A ストーマ装具の上部にガス抜きフィルターがついているものがあります。これはガスだけ抜くことができて便利な一方で、フィルターが便のカスで目詰まりしたり、ガスとともににおいがもれたりします。目詰まりしたら装具を交換してください。においが気になる方はフィルターのないものを使いましょう。

Q 皮膚がかぶれて困ります。

A かぶれの原因が、便なのか、テープなのか、皮膚保護材なのかを見極めます。便のもれなら前述のように皮膚保護材などでシワや溝を埋めてもれを防ぎます。テープや皮膚保護材が原因なら、装具のメーカーや種類を替えることで解決します。皮膚保護材の成分や配合は、化粧品と同様に千差万別。自分の皮膚に合う商品が必ずあるはずですから、ETナースなどの専門家に相談してください。

Q 面板の穴はストーマぴったりにあければよいですか?

A 面板についている皮膚保護材は、便の水分を吸収するとふくらむので、ストーマより1~2ミリ大き目に穴をあけ、ストーマの周囲に1ミリ程度の余裕を残して貼るのがコツ。家族の方に手伝ってもらい、水平の視線で見てもらいながら貼れればベストです。

Q 外出時は、ストーマ装具の替えを持参したほうがよい?

A 外出先では、不意の地震など何が起こるかわかりません。交換用のストーマ装具を持って出かけましょう。
最近では、高さの調節できるオストメイト用トイレ、身障者用のトイレがある駅も増えてきました。トイレの場所も確認しておくとあわてずにすみます。

Q 夏は汗でむれて気持ちが悪く、スポーツをするとき、はずれないか不安です。

A ガーゼなど汗を吸収するやわらかな素材でストーマを包む袋をつくってかぶせたり、スカートの内側に脱着できるポケットをつけて、ホルダー代わりにすると便利です。装具を固定する専用のベルトもあります。
ストーマがズボンのベルト位置に来る場合、サスペンダーなどを使うのも一案です。

Q 洗腸をしたいのですが……。

A 洗腸は、お湯を入れて強制的に腸にたまっている便を出してしまう方法で、道具の片付けまで含めて1時間ほどで終わります。慣れてくると、入浴、パソコン、編み物などをしながら洗腸する人も。洗腸すると約24時間は排便がないので、毎日洗腸して、装具を使わずに暮らしている人もいます。
回腸ストーマの方、体力がない方など、洗腸ができない方もいます。

イラスト

Q 飛行機や海外旅行は?

A 大丈夫。上空では気圧の関係で袋がふくらむことがありますから、便を捨ててから搭乗しましょう。

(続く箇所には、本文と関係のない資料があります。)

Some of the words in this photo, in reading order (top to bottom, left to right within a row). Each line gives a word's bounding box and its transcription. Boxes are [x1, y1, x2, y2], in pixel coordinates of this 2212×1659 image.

Q ストーマの色が薄いピンクから濃い赤紫に変わってきました。異常でしょうか?

A 正常なストーマの色は濃い赤、牛肉のような色です。手術後、貧血になるとピンクになるので、貧血が改善したと考えられます。ただし、黒い色なら壊死しているので、医師に相談してください。

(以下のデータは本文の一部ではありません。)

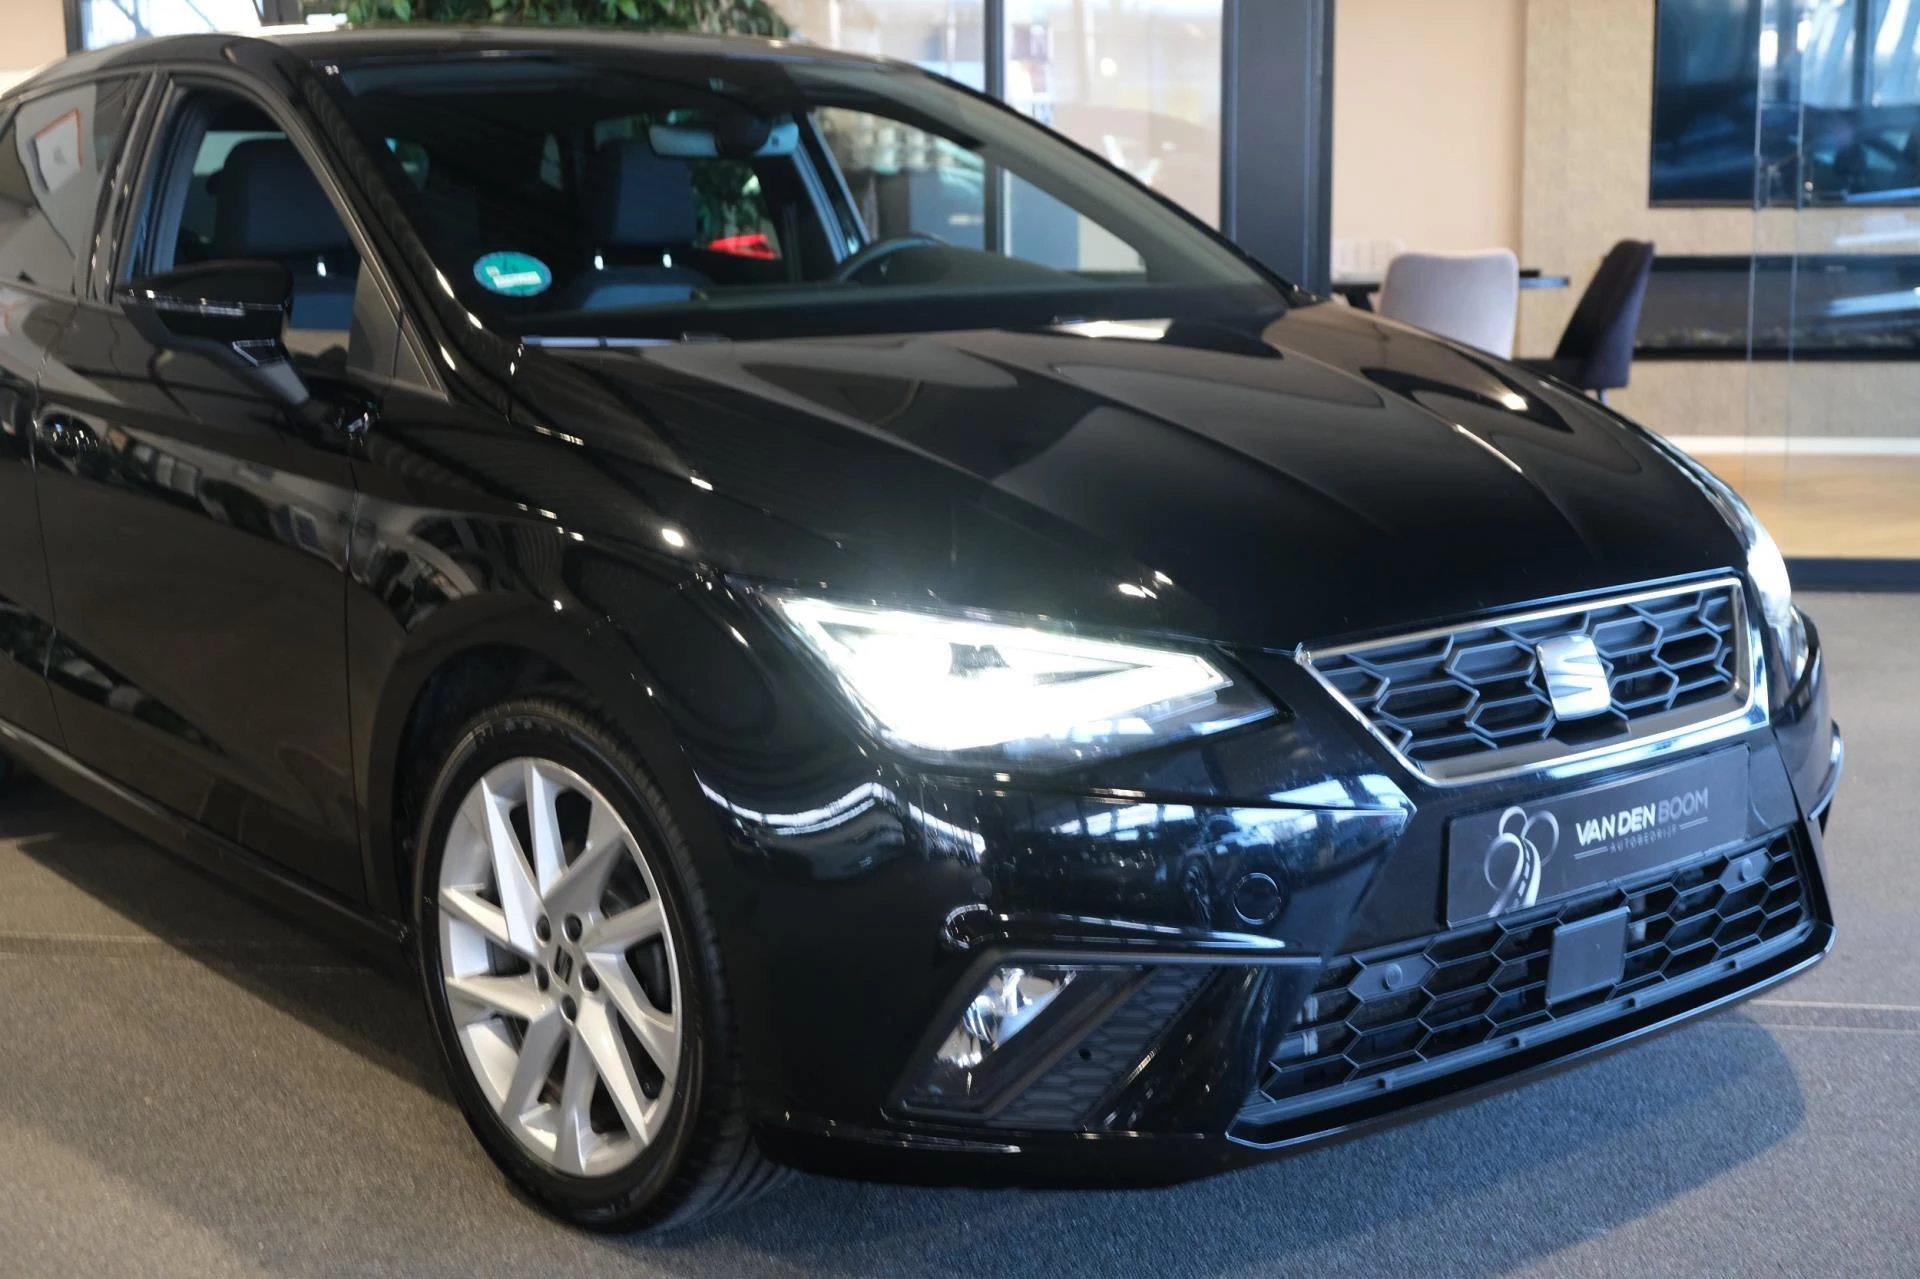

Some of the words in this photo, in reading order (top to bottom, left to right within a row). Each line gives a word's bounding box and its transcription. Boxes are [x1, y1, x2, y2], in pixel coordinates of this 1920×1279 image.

[1576, 814, 1616, 846] VAN
[1617, 803, 1656, 836] DEN
[1658, 787, 1709, 823] BOOM

Q ストーマに赤いにきびのようなものができています。

A ストーマはもともと体内の粘膜なので、摩擦に弱く、ぶつぶつができることがあります。がんの再発や新しいポリープができている可能性もありますから、医師に相談してください。

Q 閉じた肛門が痛いのですが。

A 元の肛門を縫合したあとは違和感や痛みを訴える方が多いようです。ただ、再発なども考えられるので、術後1、2年は3カ月に1度、それ以降は医師の指導にしたがって受診されることをおすすめします。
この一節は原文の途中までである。